■ WHAT THE TASK REQUIRES ■
Print every record exactly, but leave out the pictures.

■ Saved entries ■
━━━

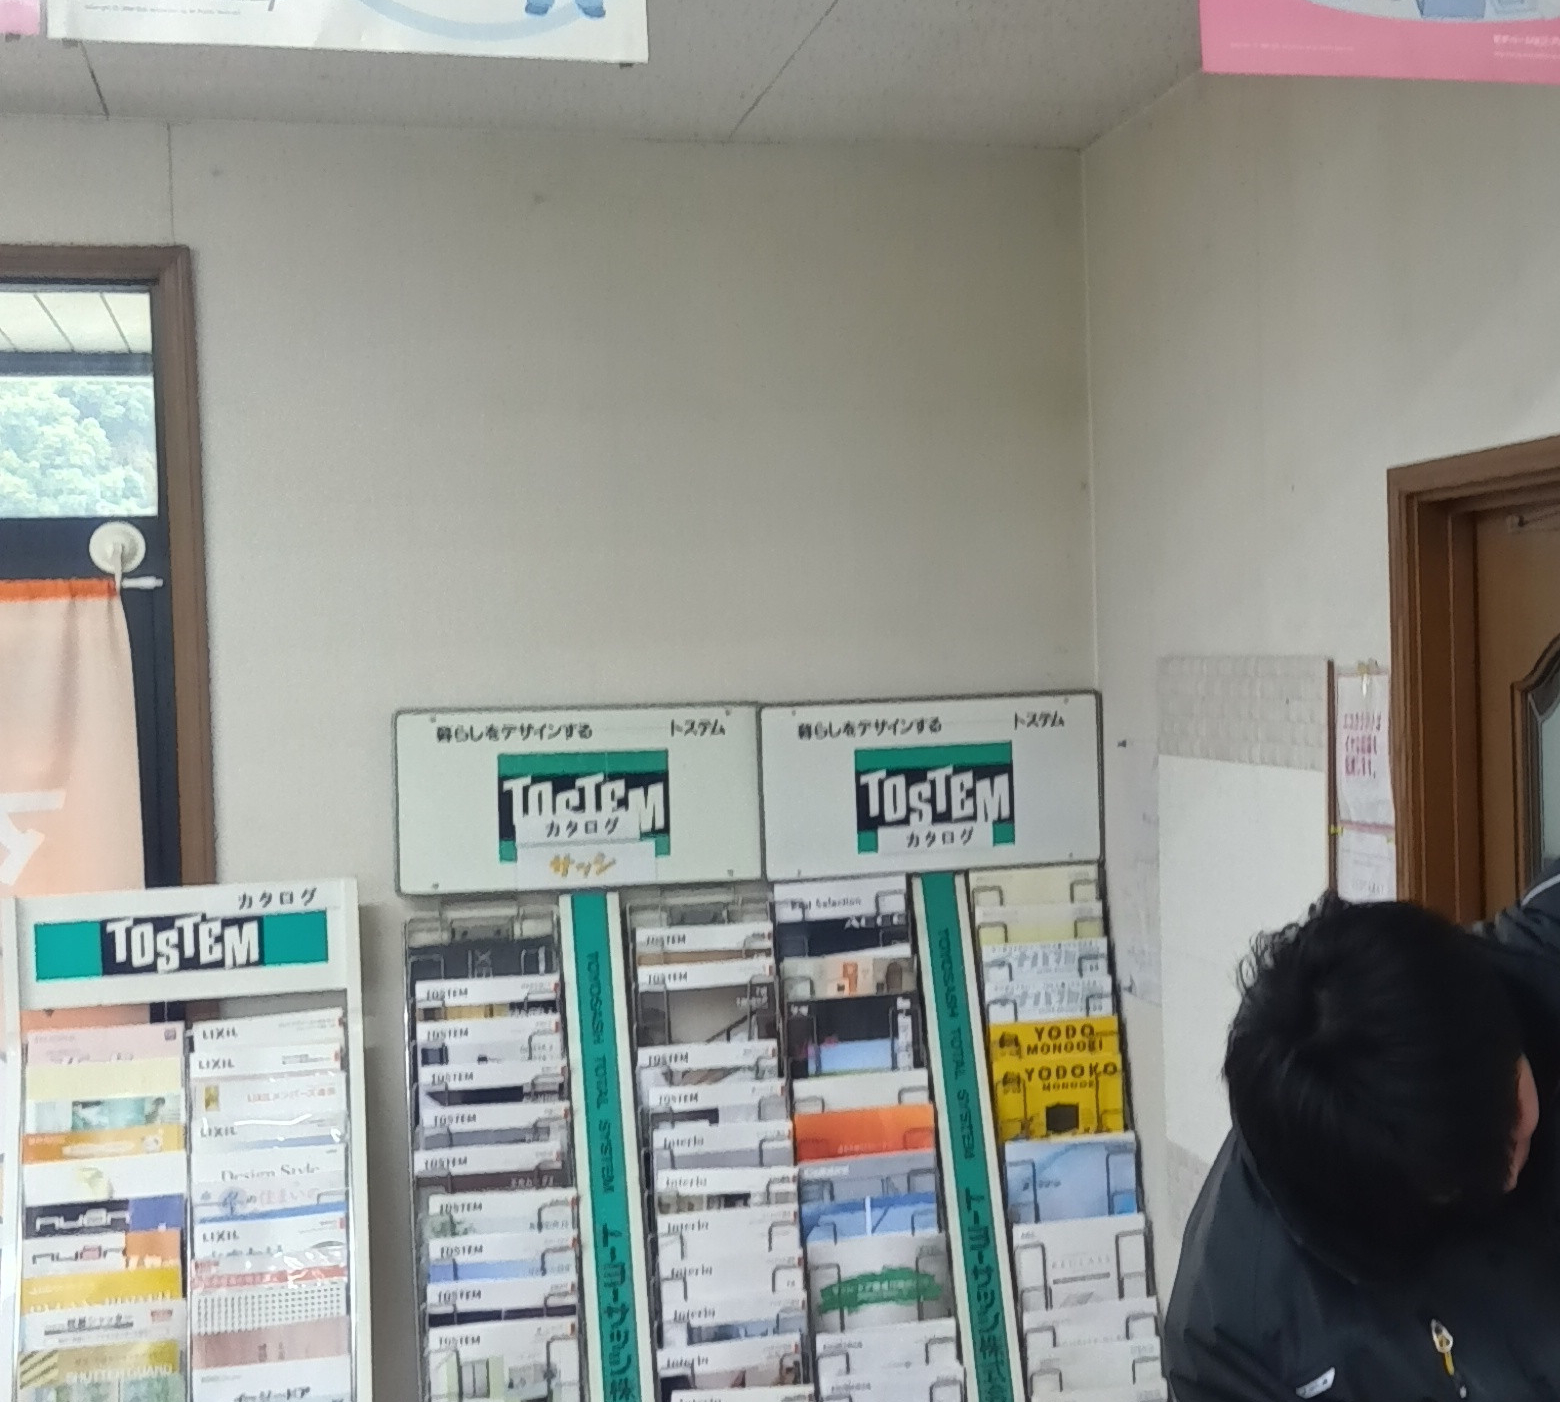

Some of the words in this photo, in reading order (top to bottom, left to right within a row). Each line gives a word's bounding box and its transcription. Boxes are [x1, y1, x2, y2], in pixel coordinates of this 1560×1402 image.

[671, 718, 727, 737] トステム
[1013, 711, 1065, 731] トステム
[860, 765, 1011, 826] TOSTEM
[546, 816, 619, 838] カタログ
[906, 826, 974, 848] カタログ
[237, 887, 318, 910] カタログ
[106, 913, 261, 973] TOSTEM
[202, 1027, 238, 1040] LIXIL
[1034, 1023, 1096, 1042] YODO
[198, 1058, 235, 1070] LIXIL
[1025, 1061, 1118, 1082] YODOKO
[202, 1229, 239, 1243] LIXIL
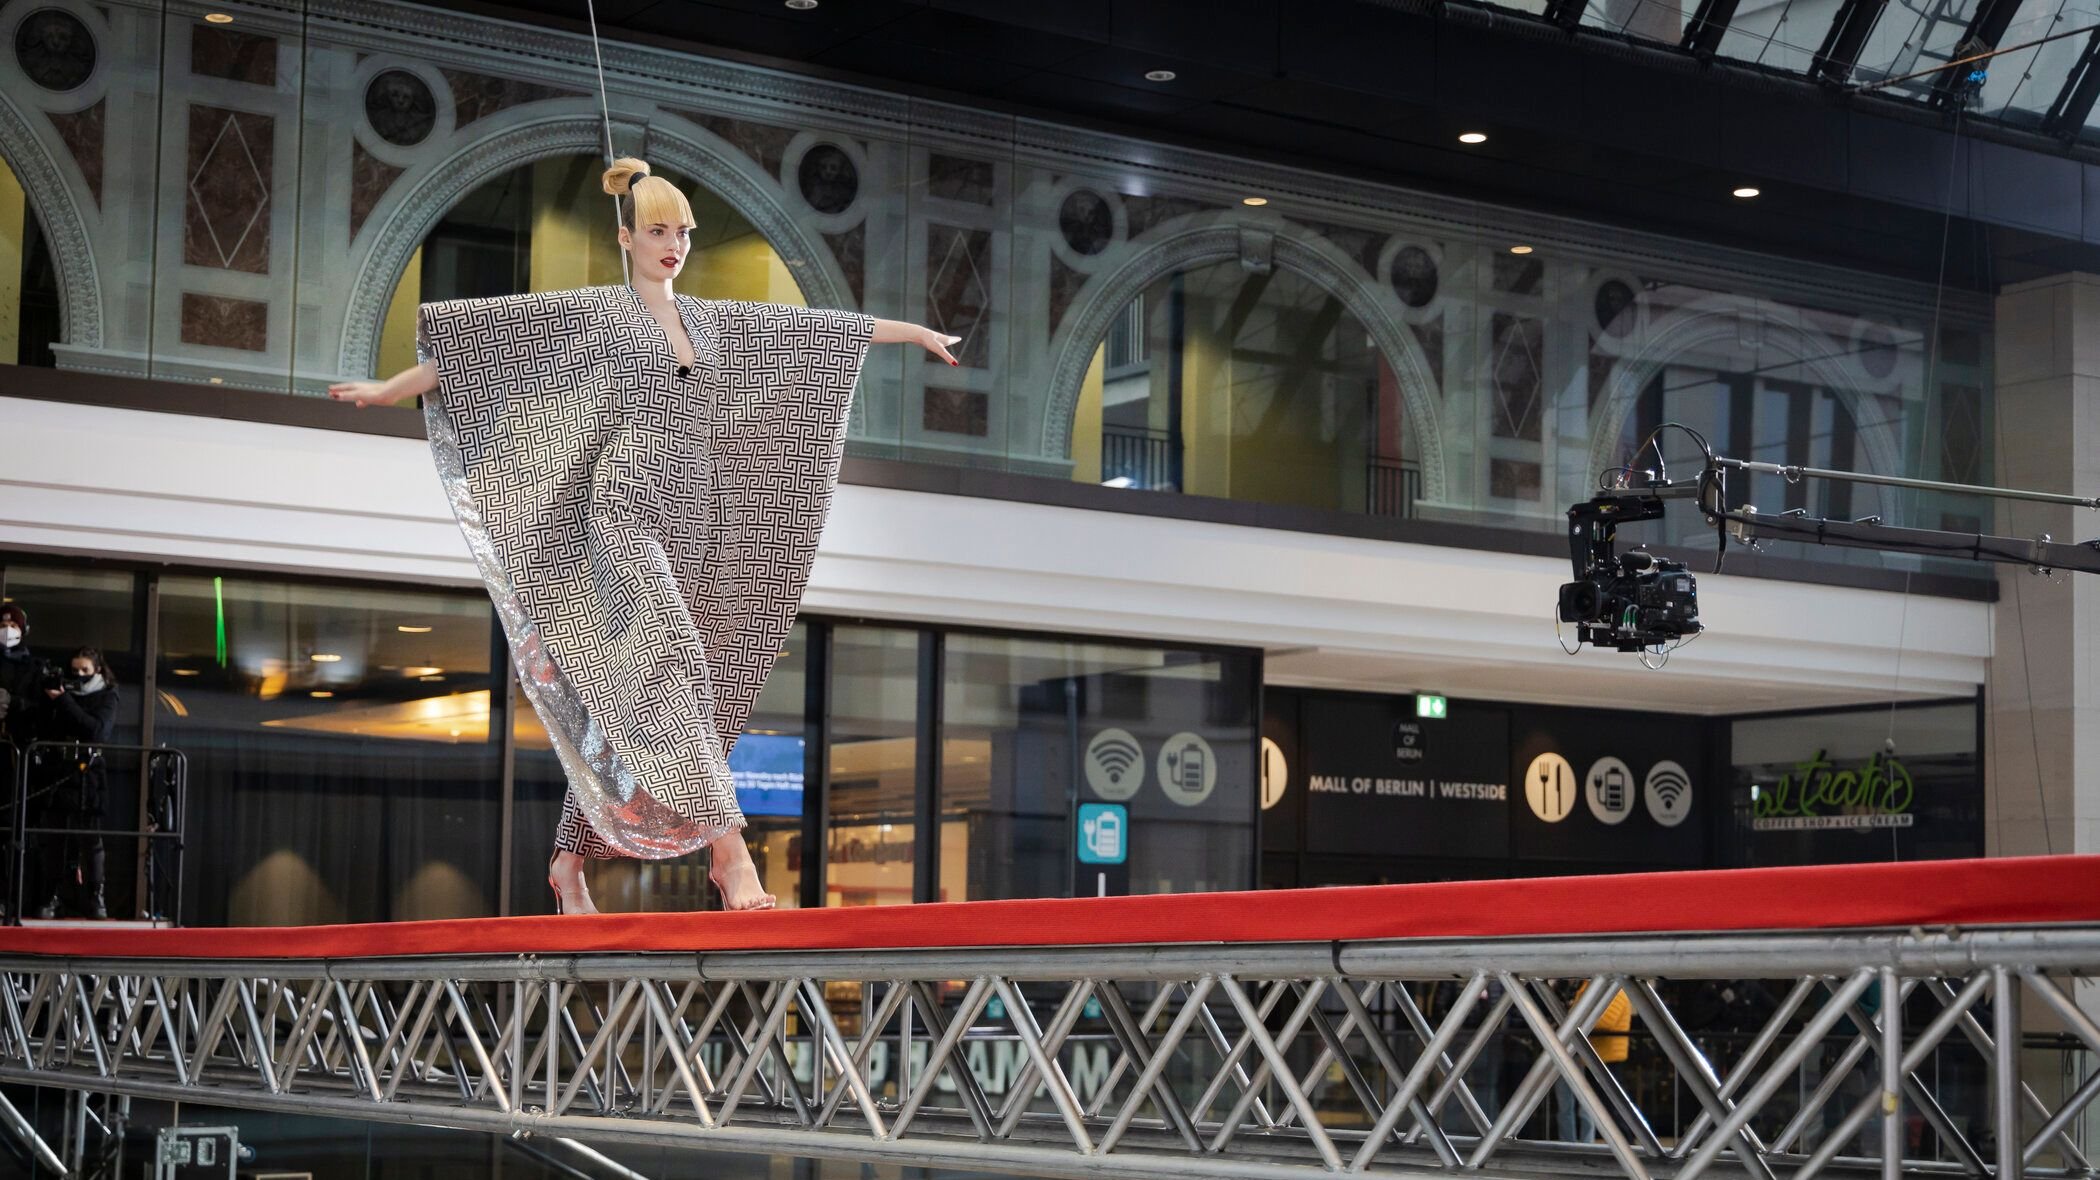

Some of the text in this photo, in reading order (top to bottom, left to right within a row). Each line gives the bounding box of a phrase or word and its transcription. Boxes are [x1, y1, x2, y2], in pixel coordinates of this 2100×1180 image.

[1403, 735, 1416, 746] OF
[1309, 775, 1348, 793] MALL
[1351, 777, 1372, 794] OF
[1375, 778, 1425, 797] BERLIN
[1440, 782, 1507, 800] WESTSIDE
[1755, 818, 1796, 829] COFFEE
[1802, 817, 1832, 828] SHOP
[1844, 816, 1862, 827] ICE
[1868, 814, 1910, 827] CREAM
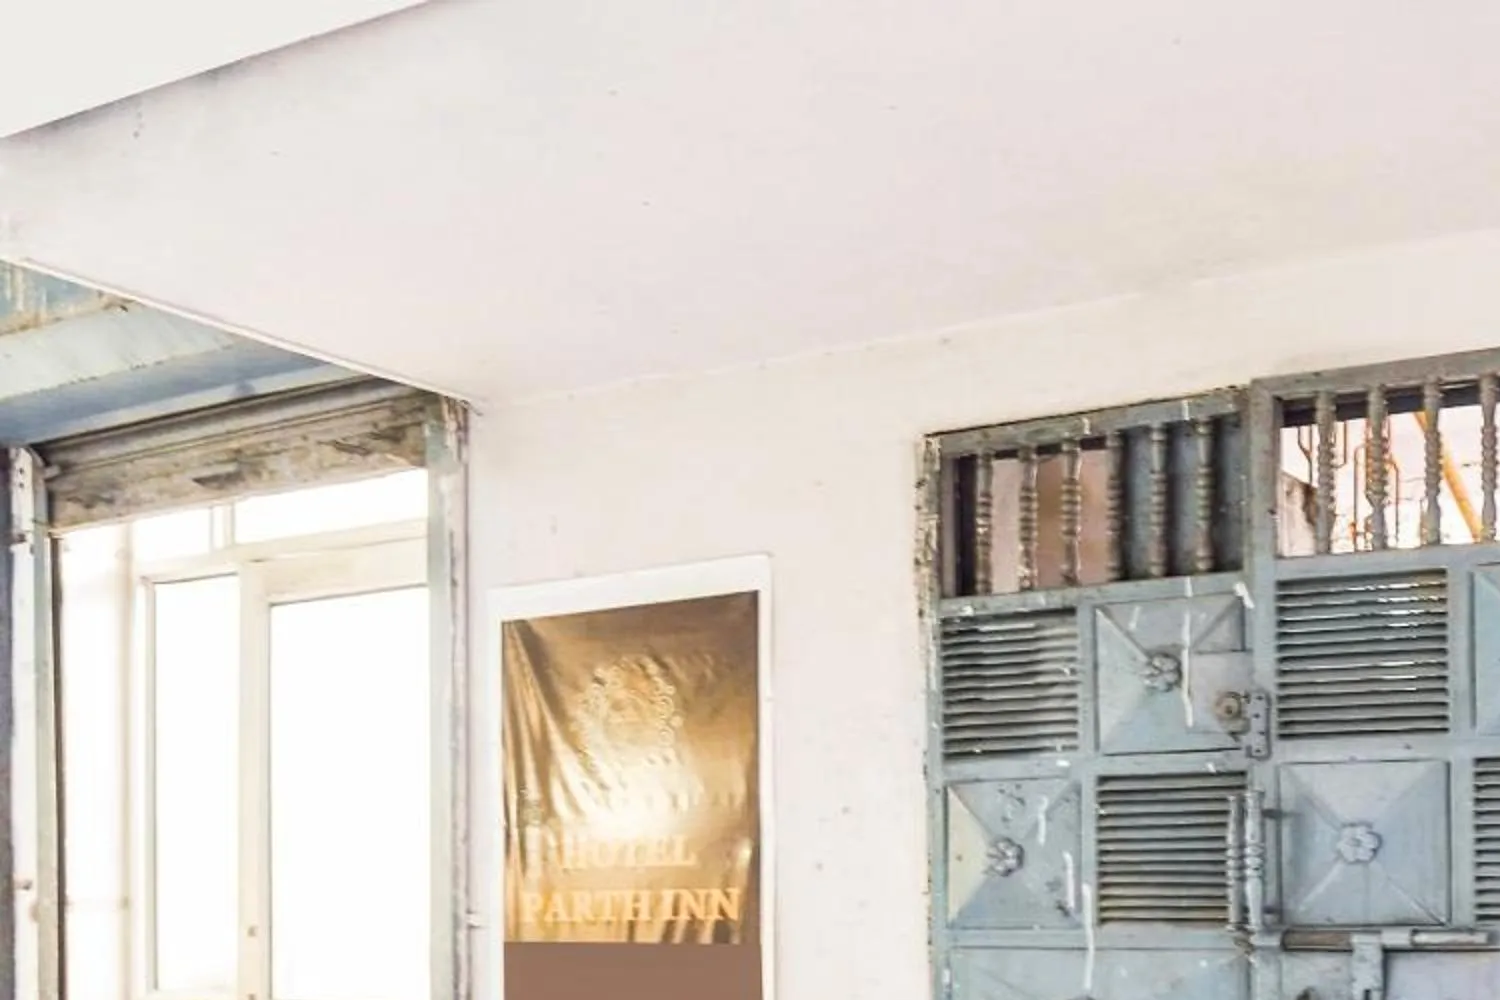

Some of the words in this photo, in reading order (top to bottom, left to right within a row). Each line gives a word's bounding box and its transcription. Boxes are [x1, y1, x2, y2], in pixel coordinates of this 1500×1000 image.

[563, 833, 698, 869] HOTEL
[521, 888, 652, 922] PARTH
[660, 886, 740, 921] INN

━━━

■ RESPONSE BOX ■
Some of the words in this photo, in reading order (top to bottom, left to right within a row). Each line gives a word's bounding box and its transcription. Boxes are [x1, y1, x2, y2], in pixel coordinates of this 1560×1402 image.

[671, 718, 727, 737] トステム
[1013, 711, 1065, 731] トステム
[860, 765, 1011, 826] TOSTEM
[546, 816, 619, 838] カタログ
[906, 826, 974, 848] カタログ
[237, 887, 318, 910] カタログ
[106, 913, 261, 973] TOSTEM
[202, 1027, 238, 1040] LIXIL
[1034, 1023, 1096, 1042] YODO
[198, 1058, 235, 1070] LIXIL
[1025, 1061, 1118, 1082] YODOKO
[202, 1229, 239, 1243] LIXIL

Some of the text in this photo, in reading order (top to bottom, left to right within a row). Each line gives the bounding box of a phrase or word and its transcription. Boxes are [x1, y1, x2, y2], in pixel coordinates of this 2100×1180 image.

[1403, 735, 1416, 746] OF
[1309, 775, 1348, 793] MALL
[1351, 777, 1372, 794] OF
[1375, 778, 1425, 797] BERLIN
[1440, 782, 1507, 800] WESTSIDE
[1755, 818, 1796, 829] COFFEE
[1802, 817, 1832, 828] SHOP
[1844, 816, 1862, 827] ICE
[1868, 814, 1910, 827] CREAM

Some of the words in this photo, in reading order (top to bottom, left to right within a row). Each line gives a word's bounding box and its transcription. Boxes are [x1, y1, x2, y2], in pixel coordinates of this 1500×1000 image.

[563, 833, 698, 869] HOTEL
[521, 888, 652, 922] PARTH
[660, 886, 740, 921] INN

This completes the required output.